Data dodania: 9 września 2013
Kategoria:

Okazuje się, że dobra pizza może mieć zbawienny wpływ na nasze zdrowie. Sekretem pizzy są… pomidory, które zawierają bardzo duże ilości likopenu, czyli substancji działającej antyutleniająco, chroniąc w ten sposób organizm między innymi przed miażdżycą oraz spowalniając procesy starzenia się.

Badania nad zdrowotnymi właściwościami pizzy prowadzili naukowcy z Instytutu Badań Farmaceutycznych w Mediolanie. Wykazali oni, że przeciwutleniacze obecne w sosie pomidorowym redukują zagrożenie zachorowania na raka np. przełyku o 59%. Można więc powiedzieć, że dobra pizza nie jest zła i nie trzeba się po niej katować godzinami na siłowni, z jednym "ale". Otóż dobra pizza musi być zrobiona z produktów najwyższej jakości, gdzie ser na pizzy jest prawdziwą mozzarellą a nie tłustą goudą.

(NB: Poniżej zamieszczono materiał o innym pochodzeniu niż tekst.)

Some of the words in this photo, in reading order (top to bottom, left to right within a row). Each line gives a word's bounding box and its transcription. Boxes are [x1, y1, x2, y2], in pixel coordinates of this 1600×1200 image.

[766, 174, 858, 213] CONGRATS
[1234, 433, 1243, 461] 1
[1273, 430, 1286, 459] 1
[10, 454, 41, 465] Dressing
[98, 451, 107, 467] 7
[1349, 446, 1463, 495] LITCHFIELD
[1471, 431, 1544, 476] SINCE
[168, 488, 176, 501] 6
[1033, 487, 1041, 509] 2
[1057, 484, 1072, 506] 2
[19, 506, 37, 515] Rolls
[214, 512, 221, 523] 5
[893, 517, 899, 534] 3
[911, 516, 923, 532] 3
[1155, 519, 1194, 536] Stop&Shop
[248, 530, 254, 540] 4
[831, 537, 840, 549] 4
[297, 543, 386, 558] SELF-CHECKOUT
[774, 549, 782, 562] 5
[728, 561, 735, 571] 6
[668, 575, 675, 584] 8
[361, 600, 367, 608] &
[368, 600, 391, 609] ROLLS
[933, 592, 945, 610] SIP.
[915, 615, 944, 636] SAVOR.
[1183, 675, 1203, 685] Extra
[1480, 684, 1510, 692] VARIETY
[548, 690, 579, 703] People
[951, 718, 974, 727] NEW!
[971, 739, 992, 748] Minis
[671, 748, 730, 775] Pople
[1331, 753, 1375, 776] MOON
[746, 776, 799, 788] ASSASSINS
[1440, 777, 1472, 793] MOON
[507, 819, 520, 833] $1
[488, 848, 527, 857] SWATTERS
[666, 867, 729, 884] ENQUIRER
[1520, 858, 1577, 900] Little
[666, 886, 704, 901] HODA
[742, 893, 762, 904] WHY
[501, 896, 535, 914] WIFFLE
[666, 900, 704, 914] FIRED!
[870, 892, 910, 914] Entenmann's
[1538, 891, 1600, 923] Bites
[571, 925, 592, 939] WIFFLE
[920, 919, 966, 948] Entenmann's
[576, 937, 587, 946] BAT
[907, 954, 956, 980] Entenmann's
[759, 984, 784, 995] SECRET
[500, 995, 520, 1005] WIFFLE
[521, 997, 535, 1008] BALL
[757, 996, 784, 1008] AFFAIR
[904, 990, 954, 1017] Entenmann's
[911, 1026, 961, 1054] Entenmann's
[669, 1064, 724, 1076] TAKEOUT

Mimo wciąż rosnącej świadomości konsumentów w zakresie zdrowego odżywiania, w przypadku 89% respondentów pizza jest wciąż najbardziej popularnym daniem zamawianym do domu. Z kolei wśród osób żywiących się poza domem 81% z nich jako lokal pierwszego wyboru wskazuje właśnie pizzerie.

Ów trend powoduje, że lokale serwujące kuchnię włoską, a w niej tradycyjnie pizzę, upatrują szybkiego rozwoju i zysku w stworzeniu oferty franczyzowej dla kandydatów marzących o własnej gastronomii, która ma być miejscem łączącym pokolenia.

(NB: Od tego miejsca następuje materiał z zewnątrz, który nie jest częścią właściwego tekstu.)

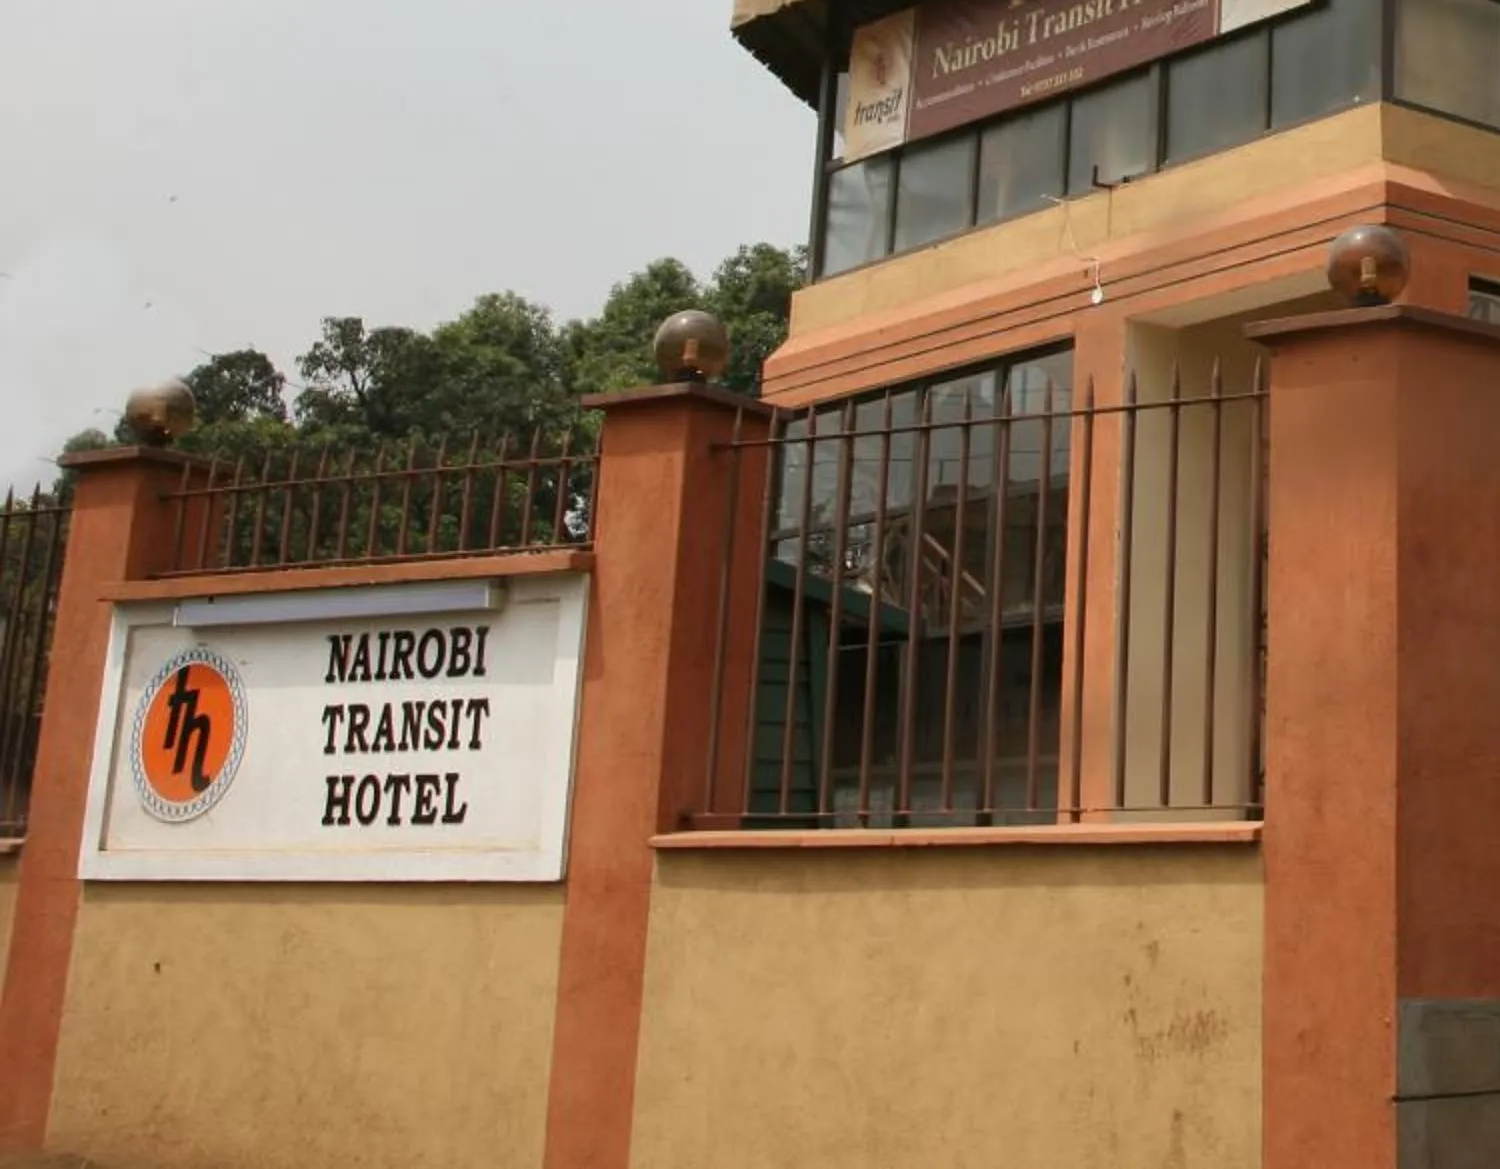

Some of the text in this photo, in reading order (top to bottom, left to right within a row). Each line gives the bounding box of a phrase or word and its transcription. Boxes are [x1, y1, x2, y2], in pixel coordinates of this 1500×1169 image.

[932, 19, 1020, 79] Nairobi
[323, 626, 491, 684] NAIROBI
[321, 697, 491, 755] TRANSIT
[321, 773, 468, 827] HOTEL

I mimo, iż wszystkie oferty łączy bazowy produkt – pizza, jednym udaje się zaistnieć na rynku, inni tylko się odgrażają, że jeszcze przyjdzie ich czas na rozwój. A pozostali udają, że nigdy nie myśleli o franczyzie na poważnie i tylko testowali rynek.

Cena czyni cuda także w gastronomii

Co zatem sprawia, że jedne sieci działają prężnie, a oferty franczyzowe innych umierają śmiercią naturalną? Czy możliwe jest utrzymanie takiej samej jakości produktów we wszystkich placówkach sieciowych, a szczególnie w lokalach franczyzowych?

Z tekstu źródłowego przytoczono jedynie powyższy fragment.